§ **EXERCISE PROMPT**
Every line of the listing below is to be duplicated exactly, with the pictures left out.

§ **DATA**
***
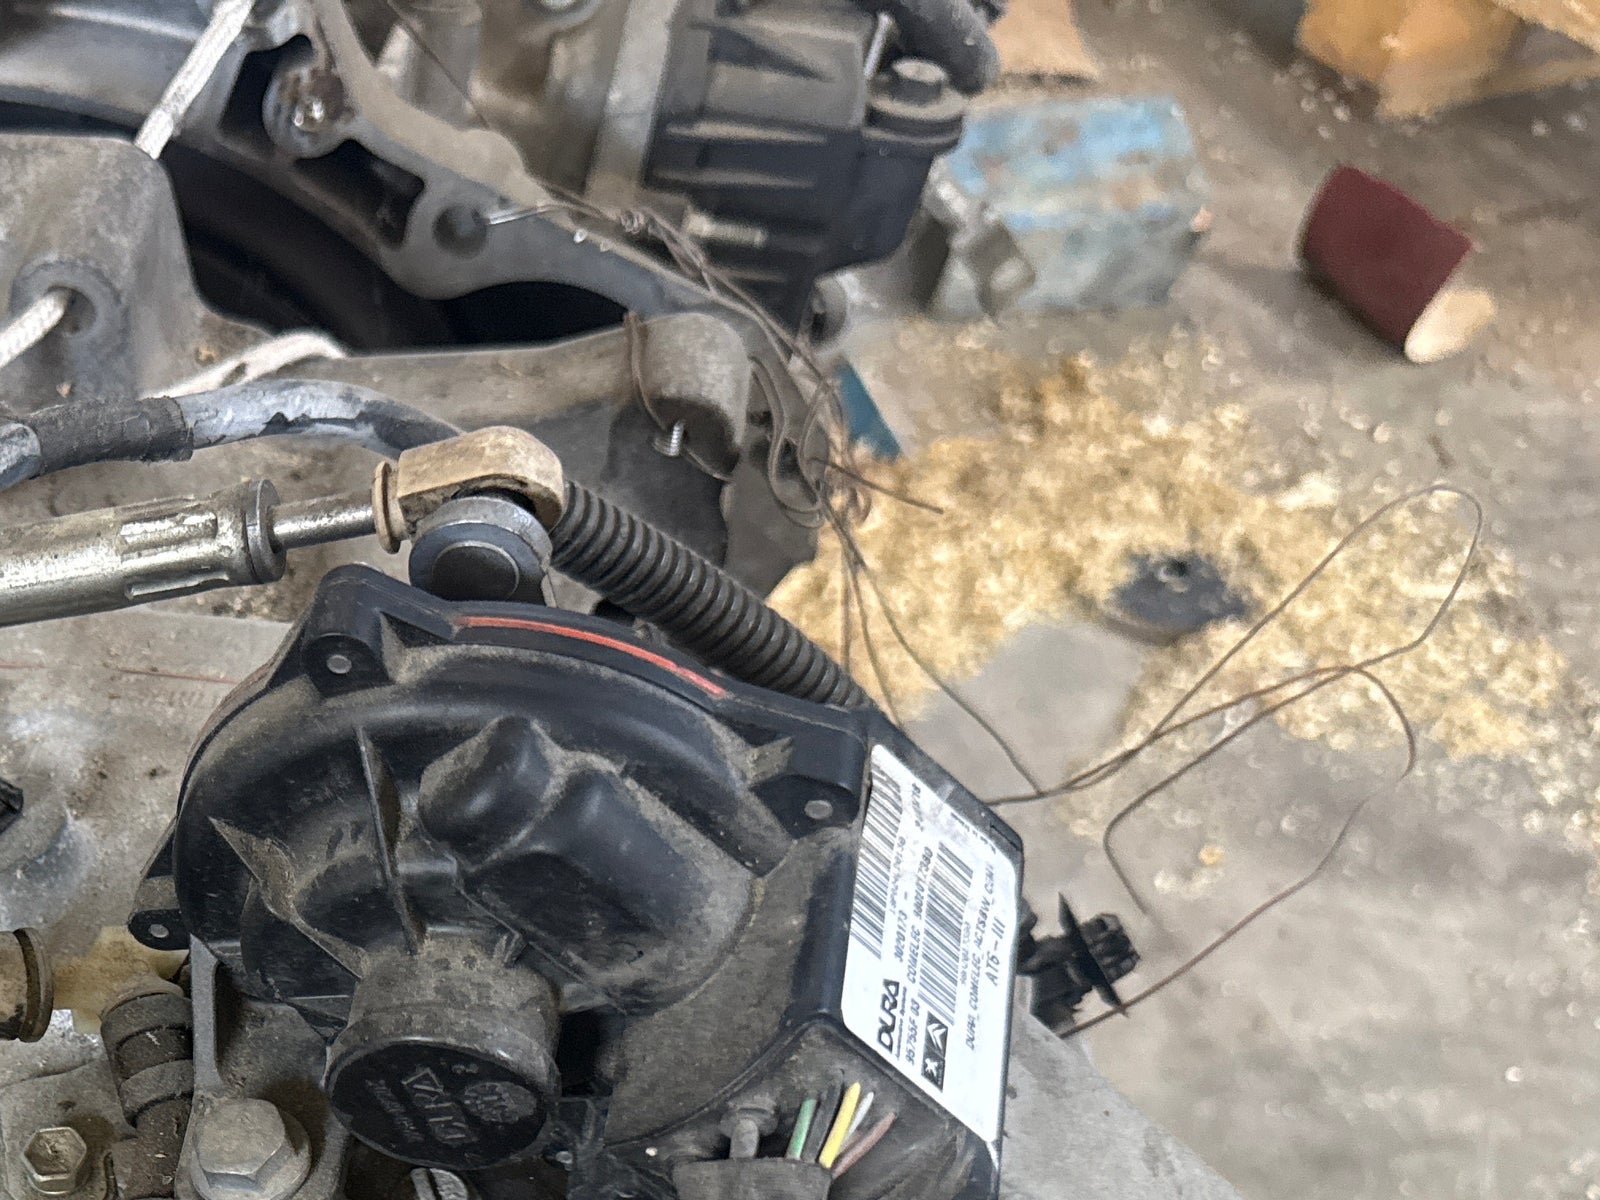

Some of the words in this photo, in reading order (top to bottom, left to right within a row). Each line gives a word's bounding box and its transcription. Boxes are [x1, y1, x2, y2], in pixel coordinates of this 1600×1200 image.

[906, 925, 920, 983] COMELEC
[985, 951, 999, 985] AT6
[877, 979, 899, 1052] DURA
[910, 998, 920, 1016] 03
***
§ **PROBLEM SOLUTION**
Some of the words in this photo, in reading order (top to bottom, left to right within a row). Each line gives a word's bounding box and its transcription. Boxes are [x1, y1, x2, y2], in pixel coordinates of this 1600×1200 image.

[906, 925, 920, 983] COMELEC
[985, 951, 999, 985] AT6
[877, 979, 899, 1052] DURA
[910, 998, 920, 1016] 03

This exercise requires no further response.